Activists today have some $100 billion under management, and won a
stunning 68% of the proxy contests they entered in 2013, up from 43%
in 2012. Today an activist is the chairman of
Hewlett-Packard Co.; has
squeezed onto the board of
Microsoft Corp., and has shaken
up once-impregnable redoubts such as
Dow Chemical Co.,
DuPont Co.,
PepsiCo Inc. and
Procter & Gamble Co.
This
intellectual and cultural takeover, decades in the making, would
appear to have reached its triumphant, final plateau.

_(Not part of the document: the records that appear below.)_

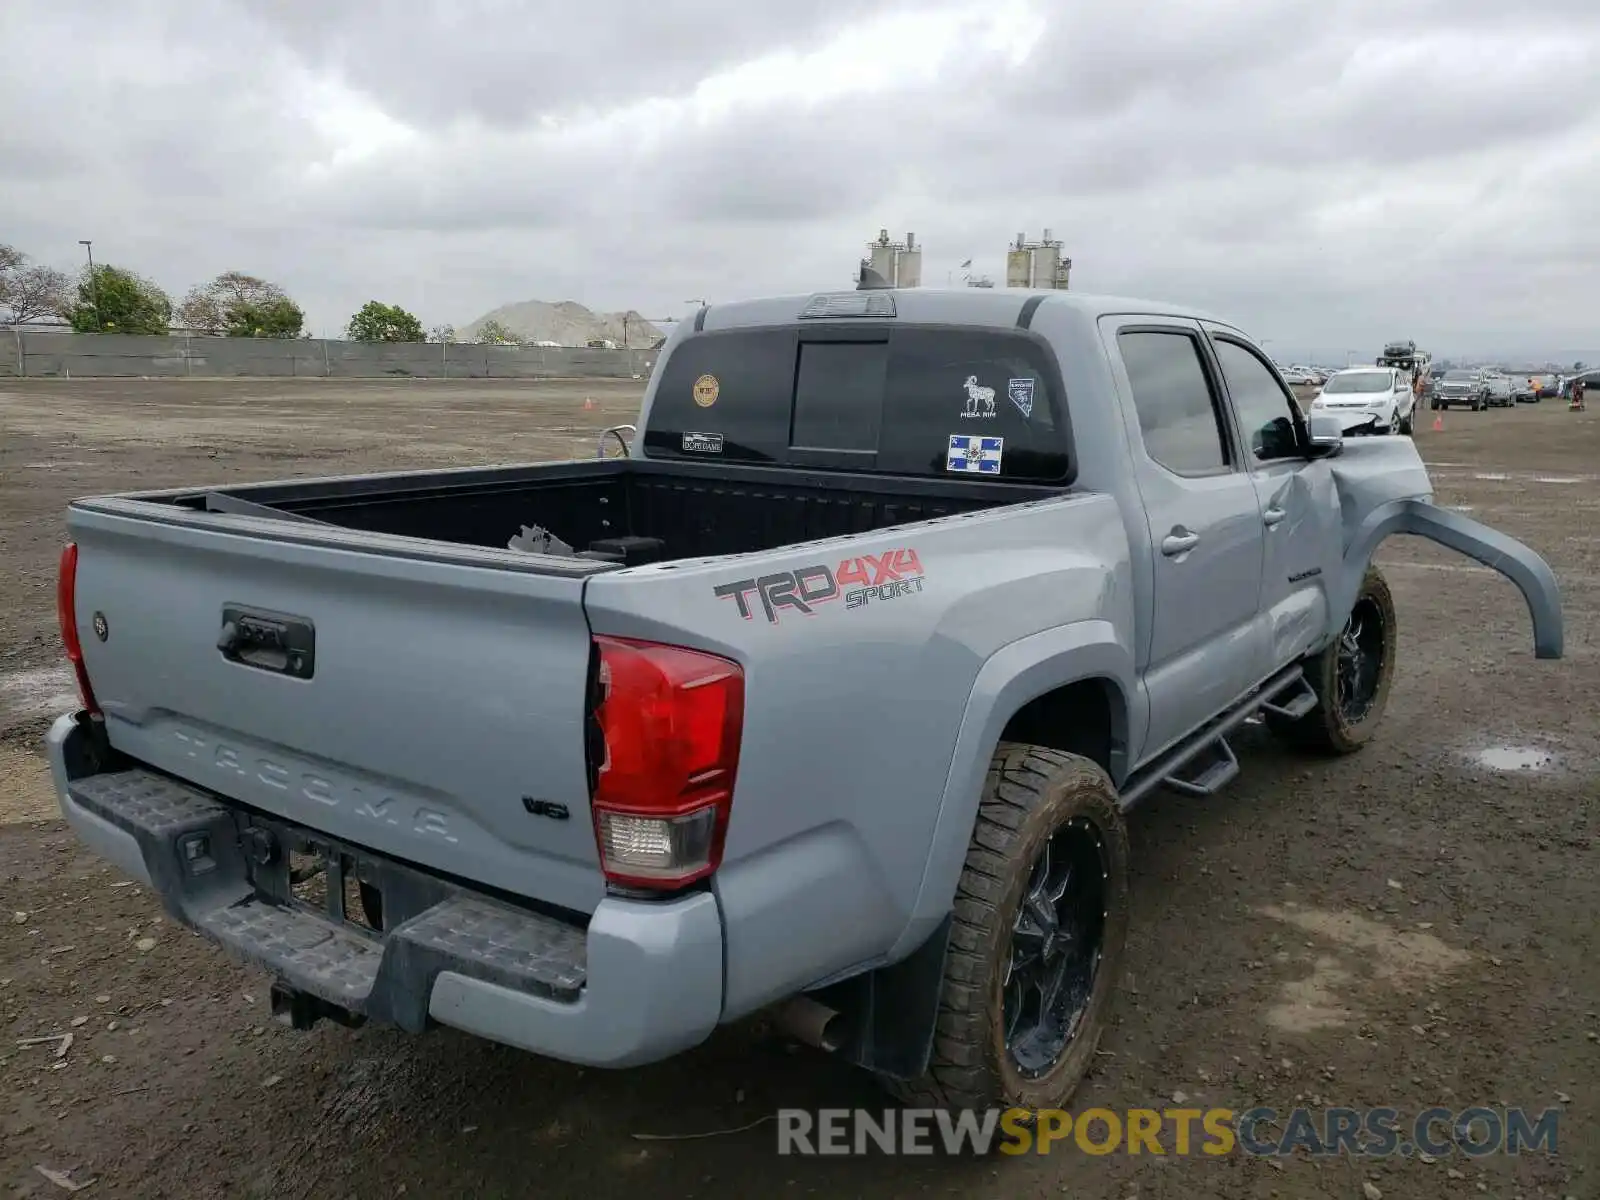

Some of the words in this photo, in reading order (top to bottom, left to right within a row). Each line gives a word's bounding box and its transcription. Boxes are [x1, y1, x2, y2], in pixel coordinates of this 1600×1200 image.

[714, 564, 840, 625] TRD
[846, 576, 926, 610] SPORT
[174, 731, 459, 843] TACOMA
[521, 796, 570, 820] V6
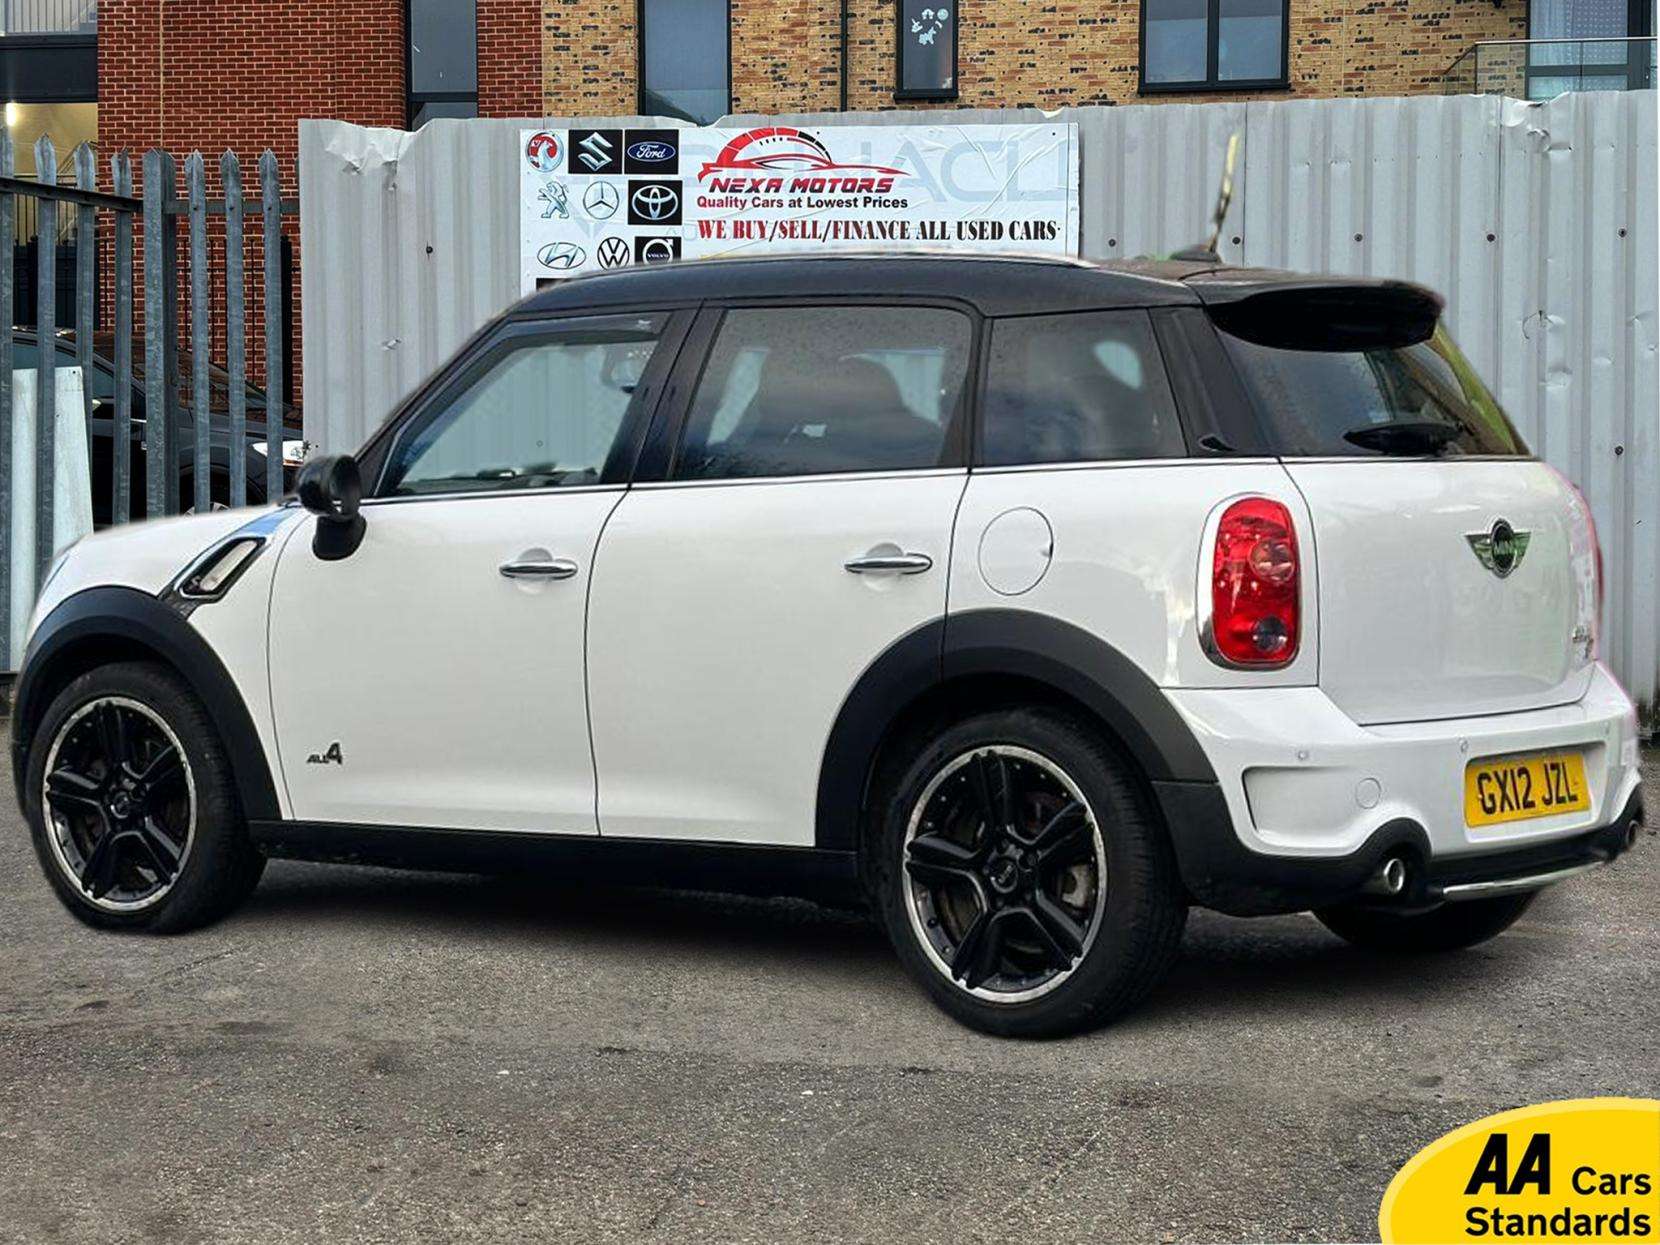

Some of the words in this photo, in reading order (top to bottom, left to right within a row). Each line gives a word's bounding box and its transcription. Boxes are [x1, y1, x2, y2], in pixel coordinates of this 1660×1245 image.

[636, 144, 666, 158] Ford
[709, 178, 784, 193] NEXA
[789, 178, 894, 193] MOTORS
[697, 196, 748, 209] Quality
[752, 196, 784, 208] Cars
[788, 197, 803, 208] at
[807, 196, 859, 208] Lowest
[863, 196, 908, 208] Prices
[698, 220, 727, 239] WE
[733, 219, 911, 242] BUY/SELL/FINANCE
[915, 220, 951, 240] ALL
[956, 220, 1003, 240] USED
[1008, 220, 1057, 240] CARS
[1476, 765, 1536, 815] GX12
[1541, 761, 1579, 806] JZL
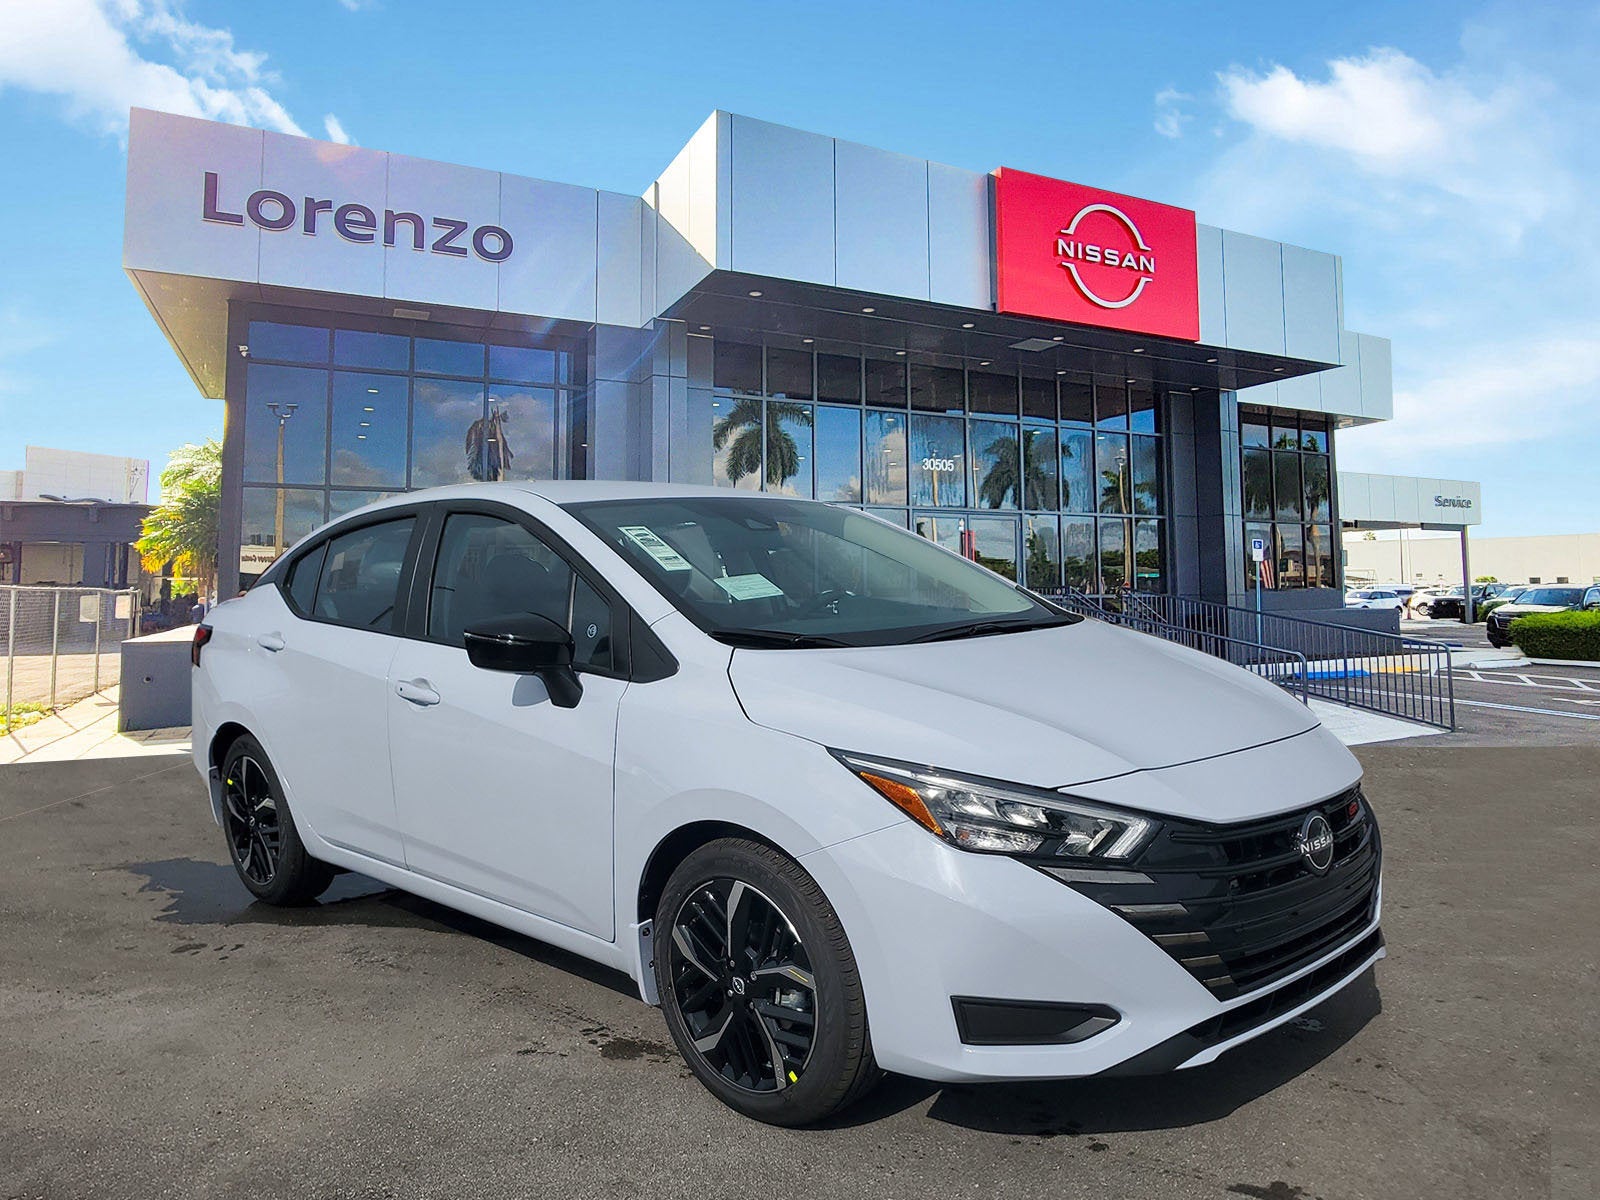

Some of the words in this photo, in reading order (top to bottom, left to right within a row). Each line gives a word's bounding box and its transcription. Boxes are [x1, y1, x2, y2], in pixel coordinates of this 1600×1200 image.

[202, 171, 514, 262] Lorenzo
[1057, 238, 1155, 273] NISSAN
[922, 457, 954, 472] 30505
[1434, 495, 1472, 509] Service

That's precisely the problem.
Just
what does an activist do when investing and activist investing have
nearly become one in the same?
What's the value of an activist when most boards have already
internalized the activist credo, and in some cases have even accepted
an activist into their ranks?
The
answer is that the activism market, like any market, has begun to
adapt. And this is where things will get very interesting for the
future of business. Scarcity is forcing activists to become more than
value stockpickers, but exotic and operational nit-pickers on capital
structure, products, personnel and R&D costs. They're turning into
self-imposed management consultants.
All
of this could bring some fresh innovation into the way American
companies are run. It also raises the stakes for failure of both
activist and company alike.
"The
response by intelligent boards to focus inward and view themselves
through an activist perspective means it's much more difficult for an
activist to find targets," says David Katz, a partner at New York's
Wachtell, Lipton, Rosen & Katz, which has traditionally sided with
companies against activists.
The
exotic came into view on Monday afternoon, when Valent Pharmaceuticals
International Inc. announced a pre-emptive alliance with activist
William Ackman to coax
Allergan Inc. into a $40
billion-plus merger. By any measure this is unprecedented coupling: As
if Valeant has stationed Mr. Ackman as a nightclub bouncer outside its
fancy lawyer's office, where he can brandish his $4 billion, 10%
Allergan stake to keep Allergan in line.
Their arrangement is significant in that it eradicates the final
cultural separation between corporate and activist interests. Before,
companies would never dream of such alliances, viewing activists as
unseemly Wall Street pests with roots in the "greenmailing" days of
the 1980s. Today, neither their capital nor their influence can be
avoided.
The
stock market applauded the approach, pushing up both Valeant and
Allergan shares. Similarly, a highly-cited and controversial 2013
study by Harvard Law School's Lucian Bebchuk of 2,000 activist
situations found that operating performance at affected companies
actually improved over time.
The
reality is that most activists have neither the capital nor the pull
to complete an Ackman-like maneuver. They're still trying to persuade
and agitate against smaller prey.
Which gets us back to the question: Are there enough quality targets
to go around? Mr. Katz says no. He found, for instance, 200 activist
campaigns in 2013, compared with 27 in 2000. He counts some 100 hedge
funds in the market with some history of activism.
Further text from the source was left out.